Quand chacun se bloque en pensant que c’est l’autre, l’étranger à soi, qui ne comprend rien, la médiation interculturelle peut aider à faire un bout de chemin pour mieux prendre en charge la situation difficile d’un enfant.
Pouvez-vous présenter votre équipe et sa fonction ?

Trivia est une équipe mobile de médiation transculturelle dans l’agglomération creilloise (Oise), composée d’une anthropologue et thérapeute, d’une psychologue, et d’une médiatrice transculturelle.

Nous sommes sollicitées par différents professionnels de l’Éducation nationale, à tous les niveaux scolaires : psychologues scolaires, infirmières, enseignants. Ils font appel à nous pour des situations très variées : des problèmes de comportement, d’apprentissages, de communication linguistique, d’orientation dont les familles ne comprennent pas toujours le sens, de problèmes autour du handicap, etc. Ils nous appellent aussi pour des situations ayant entrainé un signalement ou une information préoccupante (IP) : des cas de maltraitance, mais pas seulement, ce peut être aussi des questions d’éducation, sur la nourriture par exemple, ou de bienêtre de l’enfant.

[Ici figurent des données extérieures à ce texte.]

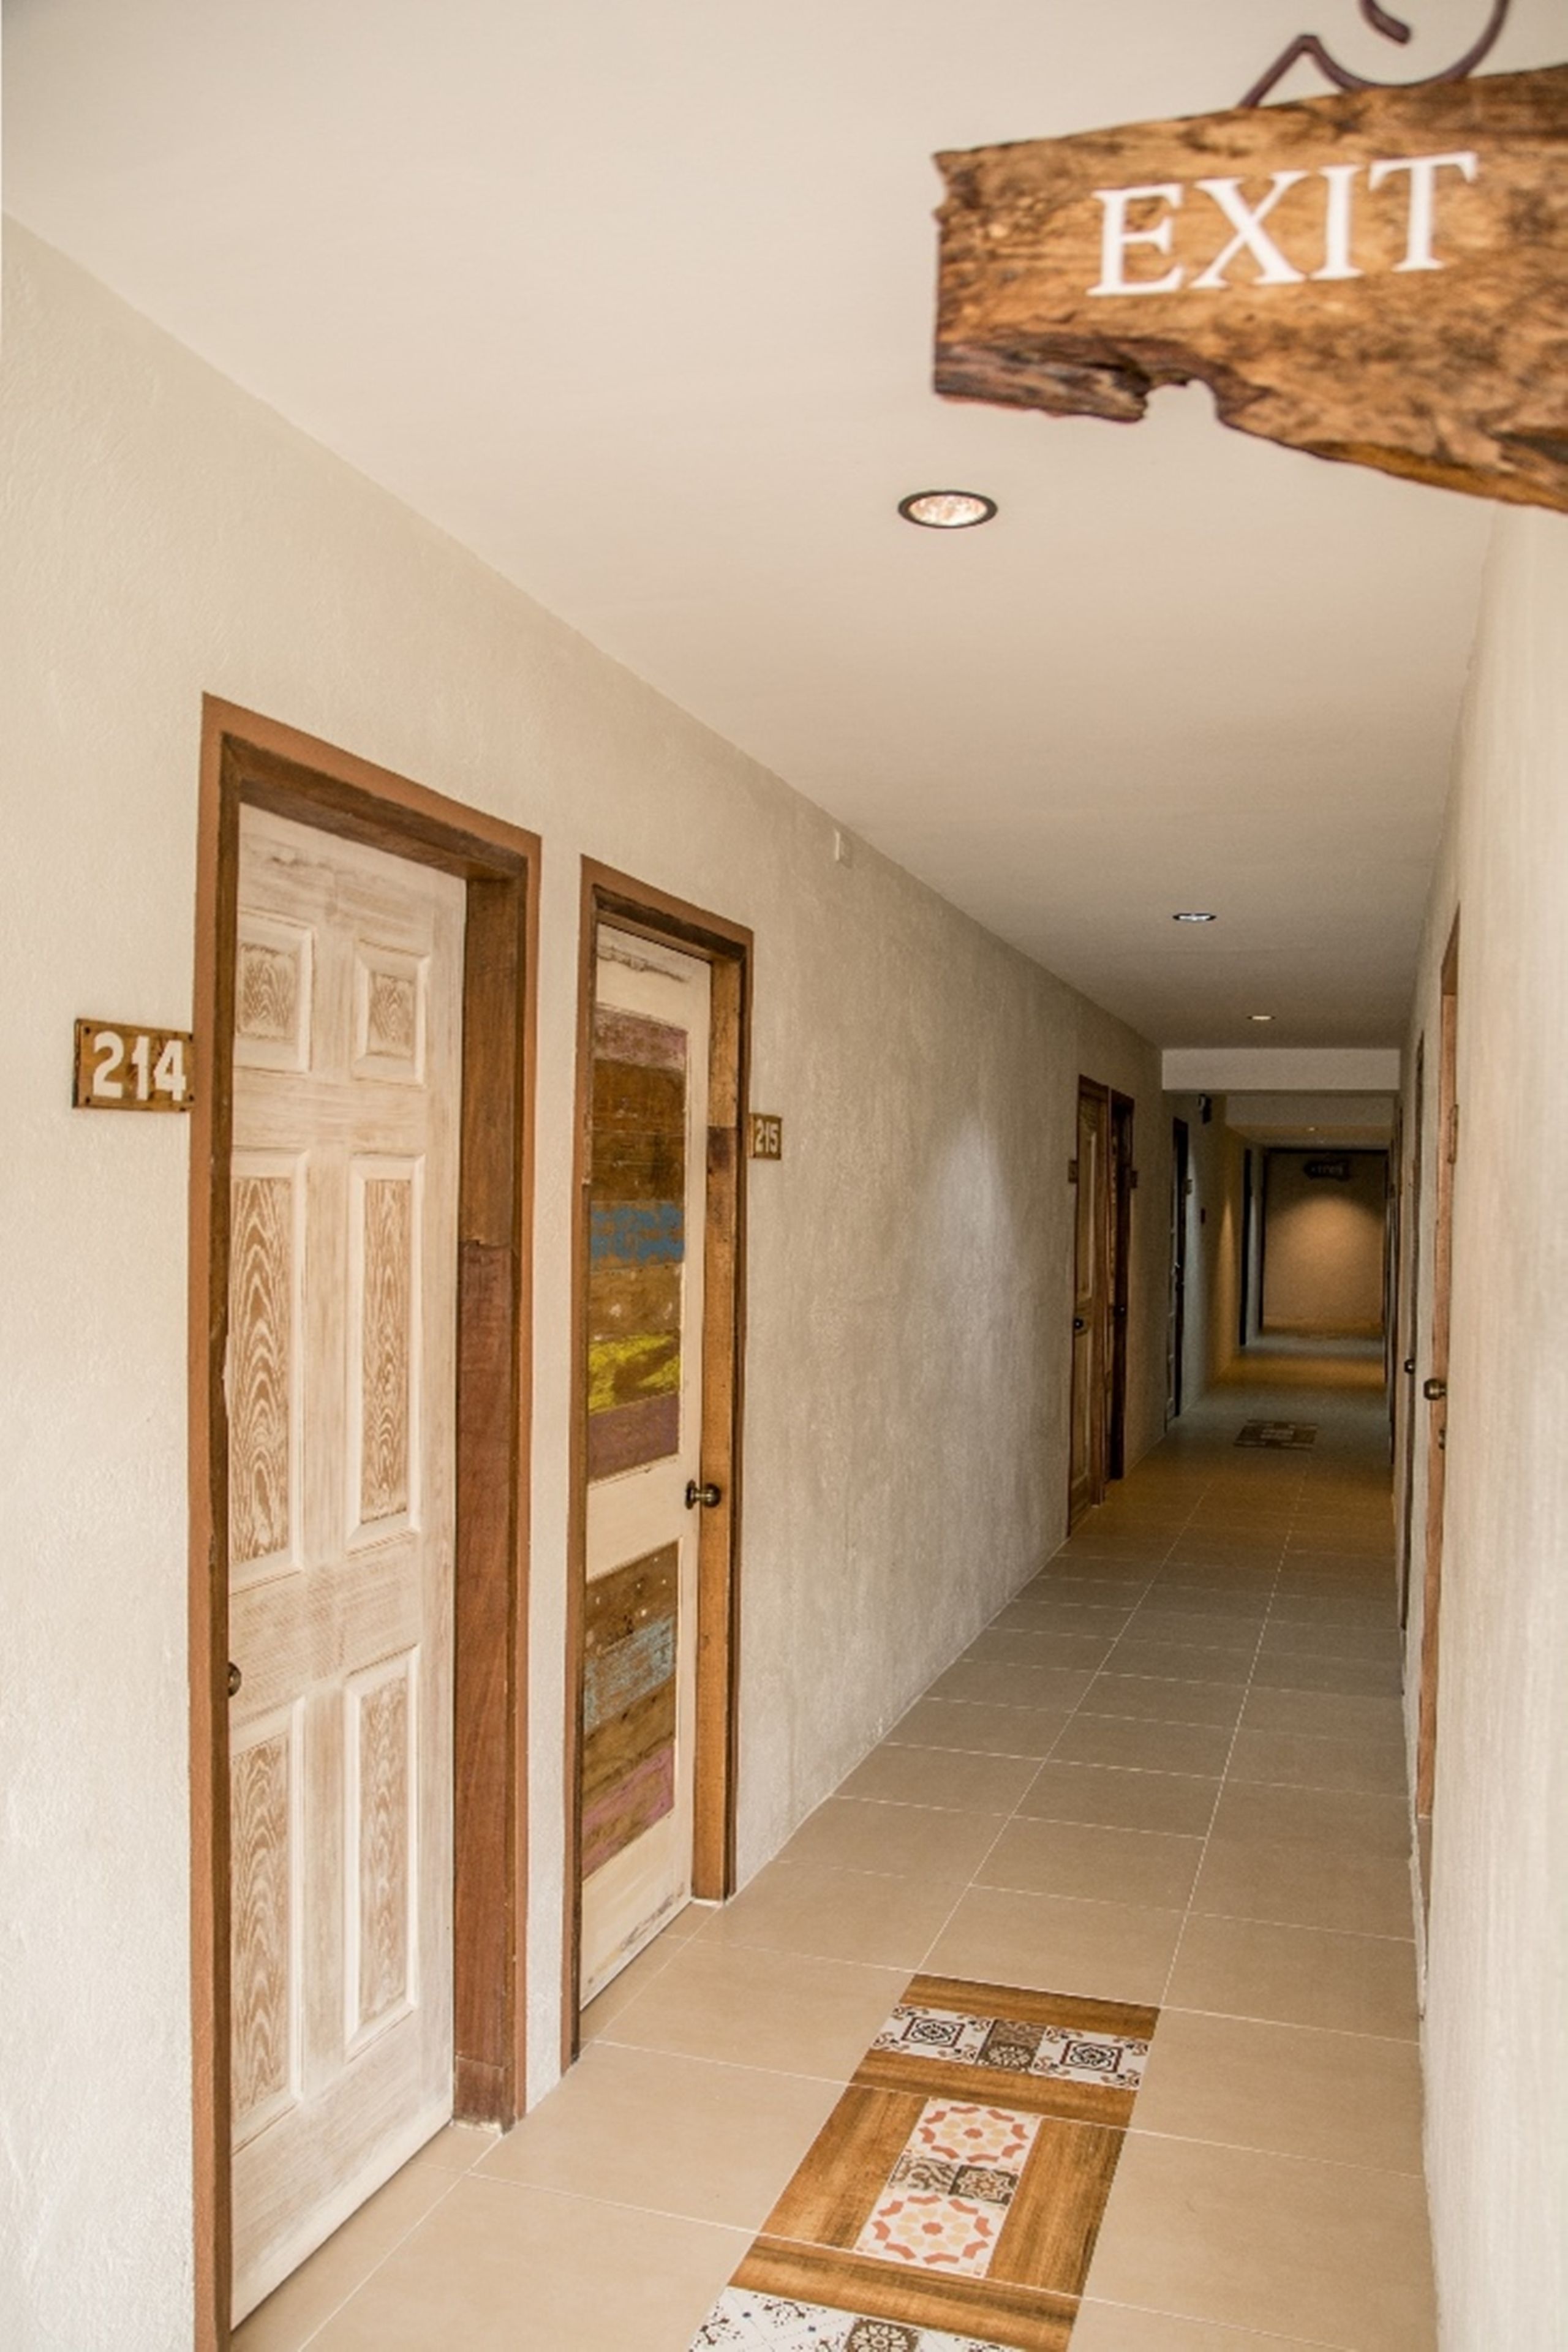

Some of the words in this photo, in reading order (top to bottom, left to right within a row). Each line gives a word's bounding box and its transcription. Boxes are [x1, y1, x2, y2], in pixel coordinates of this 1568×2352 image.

[1086, 151, 1478, 296] EXIT
[92, 1030, 186, 1101] 214
[755, 1118, 778, 1153] 215

Sur le territoire de l’agglomération, nous sommes bien connues maintenant des partenaires locaux. Nous proposons également des actions de sensibilisation aux personnels en intermétiers.

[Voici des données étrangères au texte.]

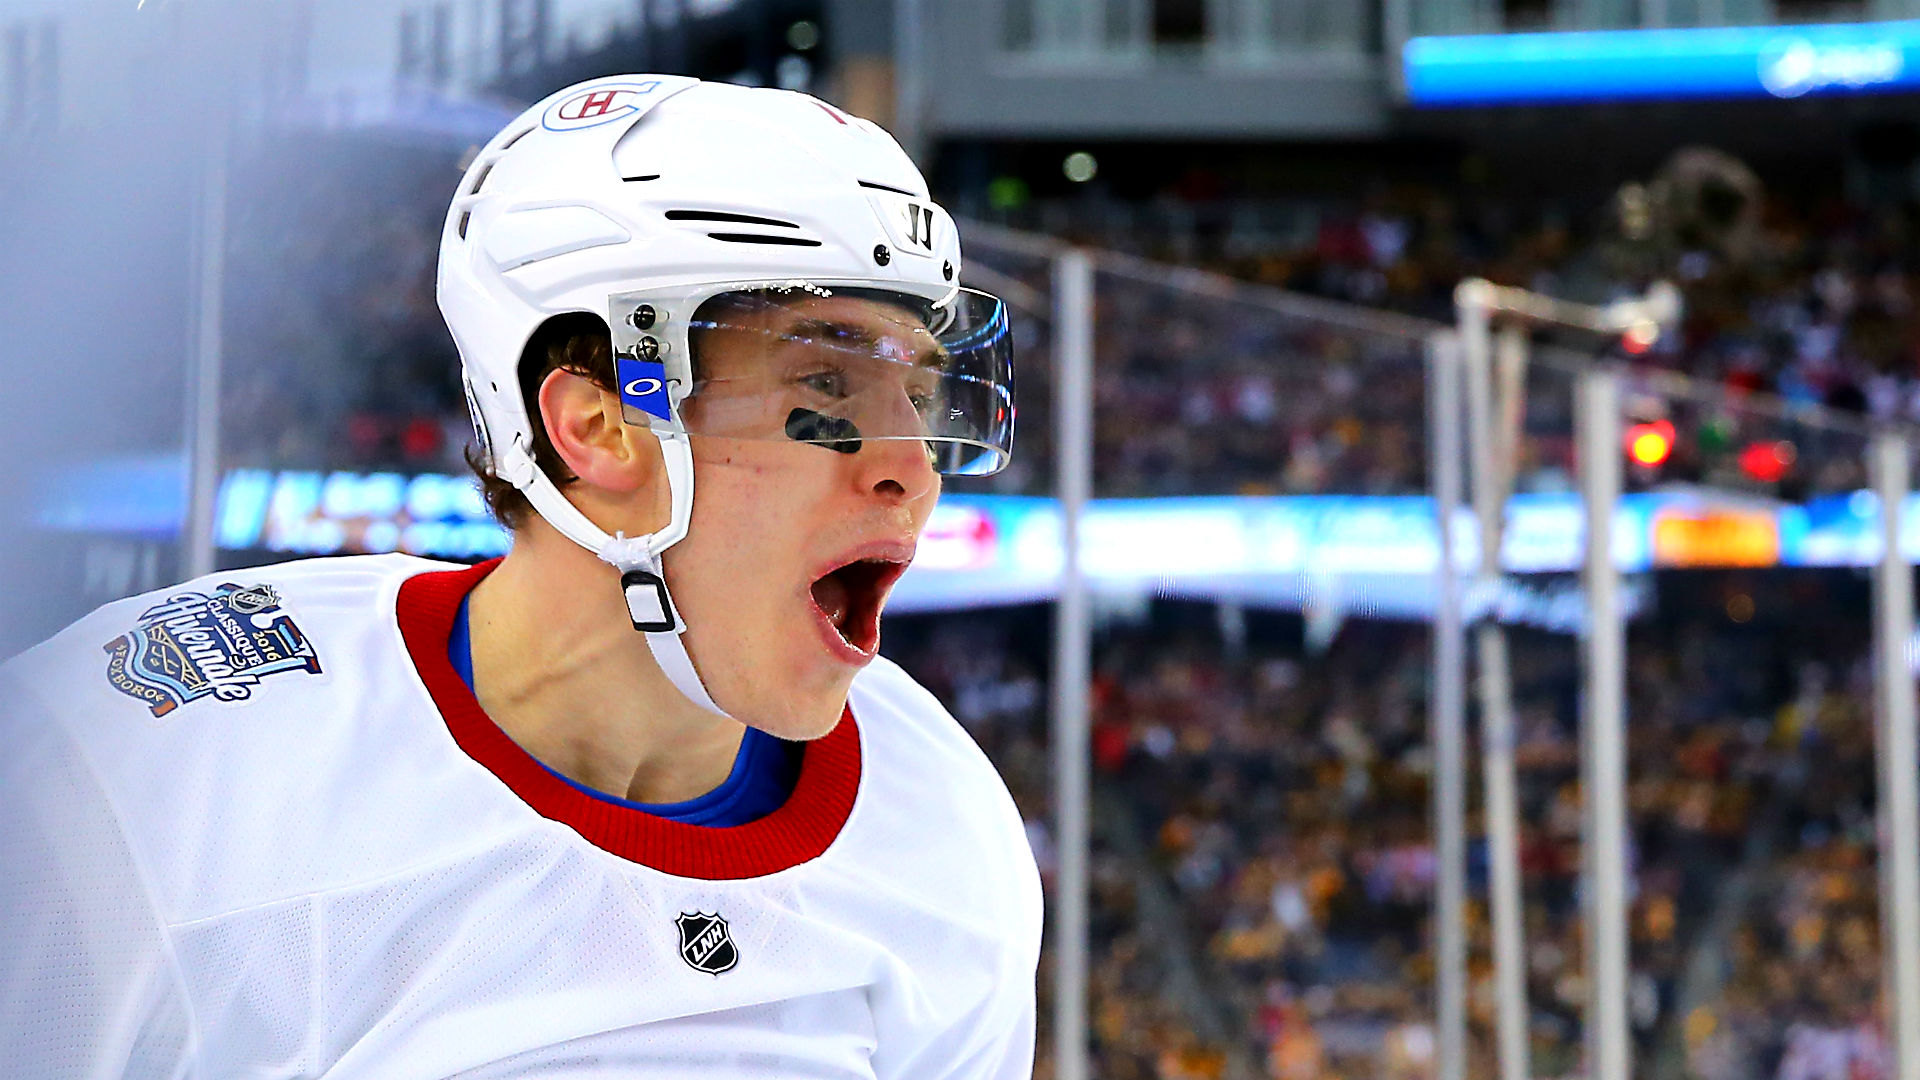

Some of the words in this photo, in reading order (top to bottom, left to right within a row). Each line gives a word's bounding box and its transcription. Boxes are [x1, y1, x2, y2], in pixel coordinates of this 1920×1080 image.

[139, 592, 257, 700] Hivernale
[206, 599, 264, 667] CLASSIQUE
[252, 631, 283, 662] 2016
[110, 649, 158, 699] FOXBORO
[691, 923, 723, 962] LNH

Pouvez-vous définir ce qu’est la médiation transculturelle et expliquer quels sont vos principes d’intervention ?

La médiation transculturelle propose des espaces intermédiaires entre professionnels et familles impliqués dans des situations de blocages, pour favoriser le dialogue et la négociation. La prise en compte de la langue d’origine des familles reste centrale.

Pour demander une intervention, il y a d’abord une fiche de situation à envoyer et nous évaluons si cela relève ou pas d’une médiation transculturelle ; nous avons des indicateurs précis et il nous arrive de refuser de prendre en charge une situation qui relève d’autre chose — de la justice, par exemple. Dans chaque intervention, il s’agit de comprendre les attendus de chaque acteur pour que les décisions éventuelles soient prises au bon moment. Parfois les questions pertinentes n’ont pas été posées en réunion avec la famille, par gêne, par oubli, ou en raison de représentations mutuelles sur l’« autre ».

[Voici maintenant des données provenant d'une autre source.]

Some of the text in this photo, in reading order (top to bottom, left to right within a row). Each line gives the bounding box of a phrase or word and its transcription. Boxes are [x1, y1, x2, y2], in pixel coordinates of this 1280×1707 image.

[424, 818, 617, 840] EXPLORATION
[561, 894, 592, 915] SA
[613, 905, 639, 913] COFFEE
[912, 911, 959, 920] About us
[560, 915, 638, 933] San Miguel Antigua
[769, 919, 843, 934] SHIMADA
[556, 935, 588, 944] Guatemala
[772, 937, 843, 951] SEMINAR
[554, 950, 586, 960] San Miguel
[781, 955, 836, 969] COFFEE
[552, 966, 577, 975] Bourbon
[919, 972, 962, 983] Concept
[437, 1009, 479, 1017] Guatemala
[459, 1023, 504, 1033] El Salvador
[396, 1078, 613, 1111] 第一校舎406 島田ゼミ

Pouvez-vous nous donner des exemples de situations où vous êtes intervenues ?

Par exemple auprès d’une famille turque, pour Ali (les prénoms sont modifiés), 6 ans, qui avait à l’entrée au CP un retard de langage et de développement cognitif. Une démarche a été faite auprès du médecin scolaire avec tests, dossier MDPH (maison départementale des personnes handicapées). Ces démarches avaient été initiées par l’Éducation nationale avec une information tardive à la famille, ce qui a généré un blocage très fort. La maman ne pouvait pas entendre le mot handicap et elle-même n’arrivait qu’à le chuchoter lors des entretiens. Elle ne comprenait pas comment et pourquoi son fils serait atteint d’un handicap. La démarche est très différente en Turquie, et les parents ne se sont pas reconnus dans ce qui s’est passé en France.

Autre exemple d’une situation où nous sommes arrivés trop tardivement, celle d’une jeune fille au lycée dans une situation d’extrême maigreur. La situation était connue depuis longtemps comme une anorexie sévère, mais il y avait une grande résistance des parents qui refusaient les soins. Si la médiation transculturelle était intervenue plus tôt, elle aurait permis d’hospitaliser plus vite cette jeune fille dont le refus de nourriture était vécu par ses parents, originaires de Côte d’Ivoire, comme un caprice, surtout parce que, dans leur culture, il n’est pas concevable de refuser la nourriture.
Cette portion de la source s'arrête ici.